Black Butte inks McCance as new CEO


Last updated 2/8/2022 at Noon

Shawn McCance moves from interim to full-time CEO at Black Butte provided

Shawn McCance, who has served as Black Butte Ranch’s CFO since May of 2018 and its interim CEO since the departure of Jay Head last summer, has been named chief executive officer, effective immediately.

McCance, after serving a couple of months as interim, was encouraged to seek the position. He realized that, while he’s steeped in the finance and accounting side of resort management, the role of CEO was equally compatible with his skill sets.

“It was not a slam dunk, even though I was a known entity,” McCance said when The Nugget interviewed him shortly after his appointment was made public last week. “I had to be vetted by the outside search consultants like all the other candidates, of which there were a number highly qualified. That included the interesting process of being interviewed by colleagues here at the Ranch.”

Apparently his coworkers were, like the board with whom McCance has worked closely, favorably disposed to making his temporary gig permanent.

“I feel honored and supported,” he said.

He came to Black Butte from Auberge Resorts Collection, whose portfolio includes Pronghorn, a high-end property in Bend.

He and his wife, who have raised seven children, have lived in Bend eight years. They came to Central Oregon from Colorado, where McCance also worked as a finance executive at Viceroy Snowmass. His early work in Colorado was as CFO of Arrowhead Conference Resorts. He started as a staff accountant for a CPA in Omaha in 1987. Ever since he has been in financial leadership in the high-end and luxury resort industry.

McCance is a graduate of Creighton University, where he earned a BSBA in accounting in 1987. While he is at home with numbers and budgets, several owners The Nugget encountered at the Ranch’s Bistro are well pleased with his selection to manage the sprawling operation.

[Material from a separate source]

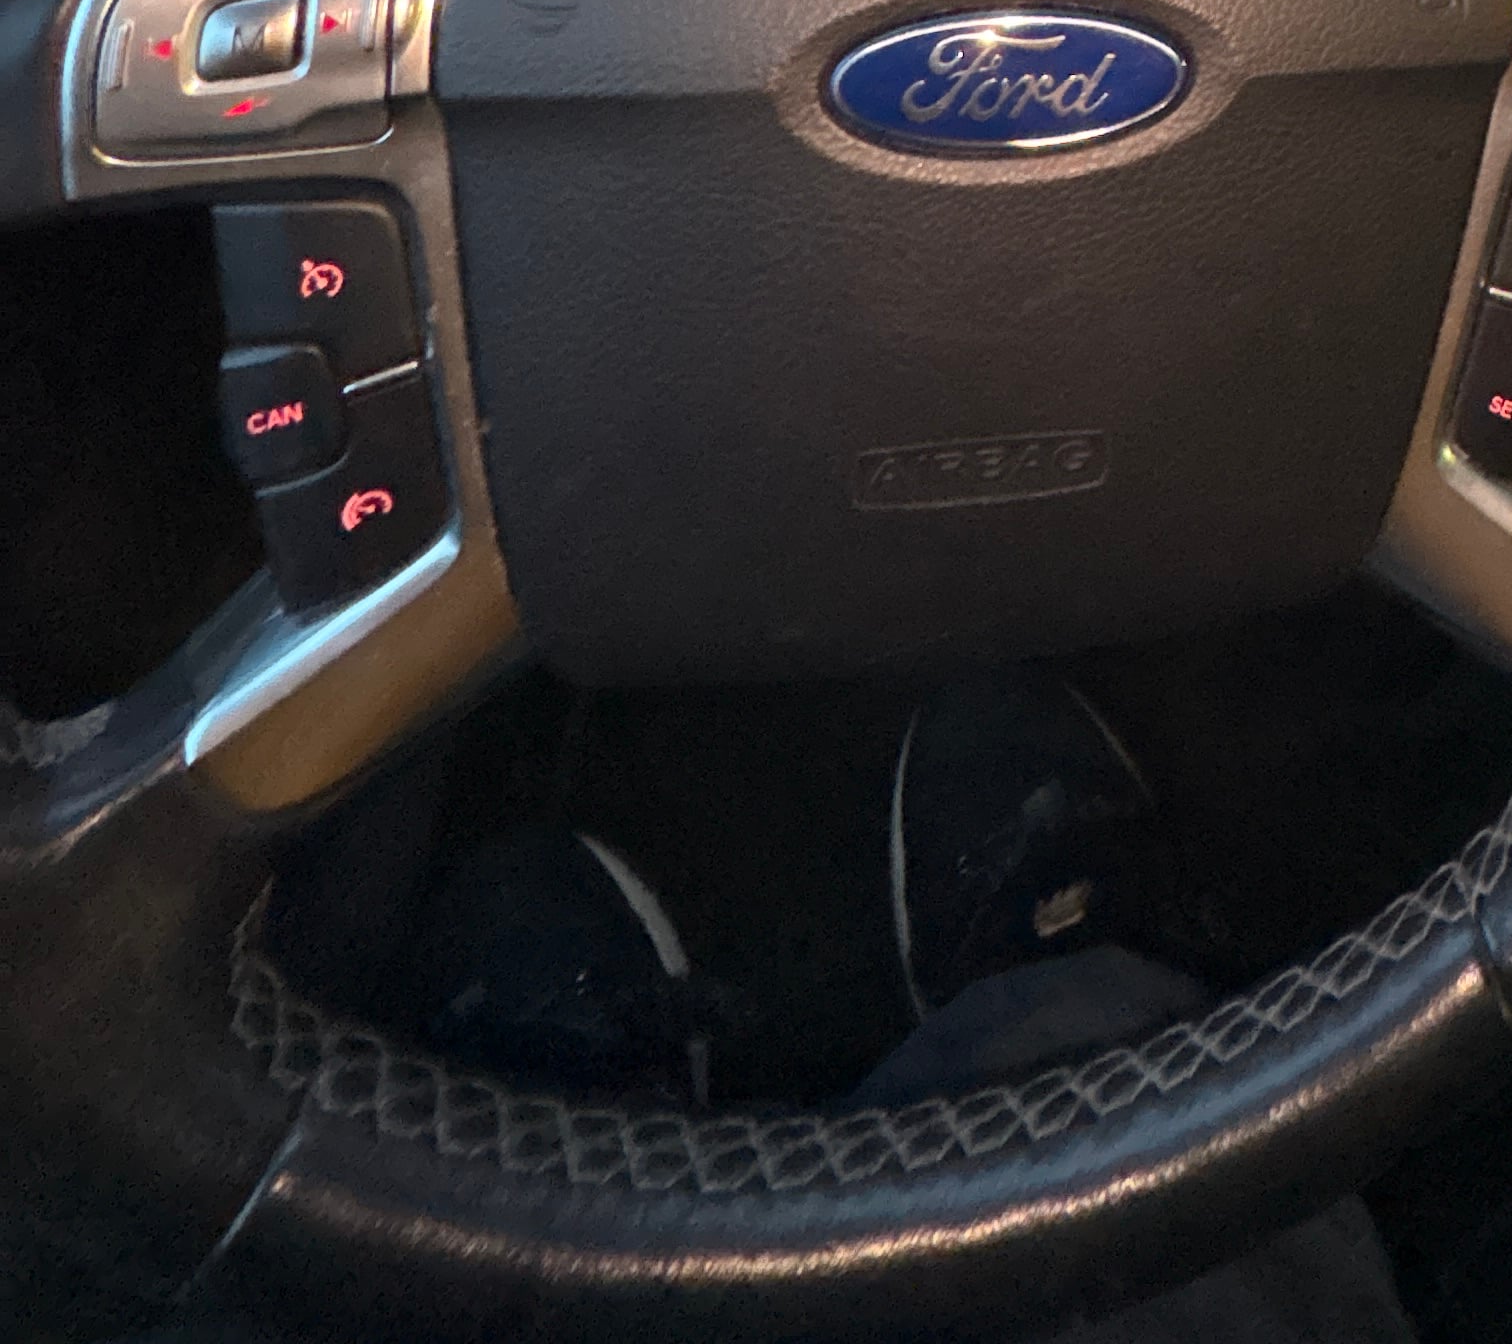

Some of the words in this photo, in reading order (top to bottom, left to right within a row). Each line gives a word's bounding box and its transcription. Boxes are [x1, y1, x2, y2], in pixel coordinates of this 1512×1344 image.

[231, 24, 265, 54] M
[902, 34, 1118, 123] Ford
[246, 400, 305, 435] CAN

“Shawn’s not an extrovert but is approachable and listens,” one homeowner told us. Another said, “He’s a team player who will be good at his job and able to see the big picture.”

Big is an adequate descriptor. At 8.22 square miles, the prestigious 50-year-old resort and community is four times the physical size of Sisters. It maintains its own fire and police services for the 1,253 housing units, approximately 400 of which are occupied year-round. During the tourist season, as many as 5,000 people are on the Ranch property on any given day.

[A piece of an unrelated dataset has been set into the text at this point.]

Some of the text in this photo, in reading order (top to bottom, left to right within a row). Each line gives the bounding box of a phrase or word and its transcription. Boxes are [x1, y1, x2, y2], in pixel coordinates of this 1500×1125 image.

We asked McCance what his biggest challenges would be as CEO.

“Wildfire mitigation and staffing, and for 2022, construction of the new 22,100-square-foot lodge and event center,” he answered.

The old lodge was deconstructed last fall. Its replacement won’t come online until 2023, putting a dent in wedding and other social event income for this year. Design and construction itself is a $12-million-plus undertaking, one of the largest single-structure projects in Sisters Country.

“Inflation is hurting us badly,” McCance said. “Gas especially, since the majority of our workforce drive from Redmond or Bend.”

He spoke with The Nugget at length regarding staffing shortages, not just hiring new workers but retaining the best of their staff, who are living with the nearly $4 per gallon fuel expense. These workers are in high demand by other, closer resorts like Eagle Crest and Brasada Ranch.

The Ranch employs close to 120 permanent workers, and in season that number jumps to between 350 and 400.

The continuing drought worries McCance and his firefighters. The Ranch has recently been certified as a Firewise USA community largely through the efforts of ad hoc community members who are now leading the charge to have each Ranch property more defensible against wildfire.

McCance’s commute takes about 40 minutes each way from Bend, where he has a small parcel of land on which he is raising three black angus steers. Perhaps surprisingly, and unlike his predecessor, McCance, 55, won’t be burning up his Resort’s links.

“I’m a pretty poor golfer,” he admitted.

Still, he plays occasionally with a group who do not keep score.

With the challenges McCance articulated, it’s doubtful he will find much time for golf this year, keeping score or not.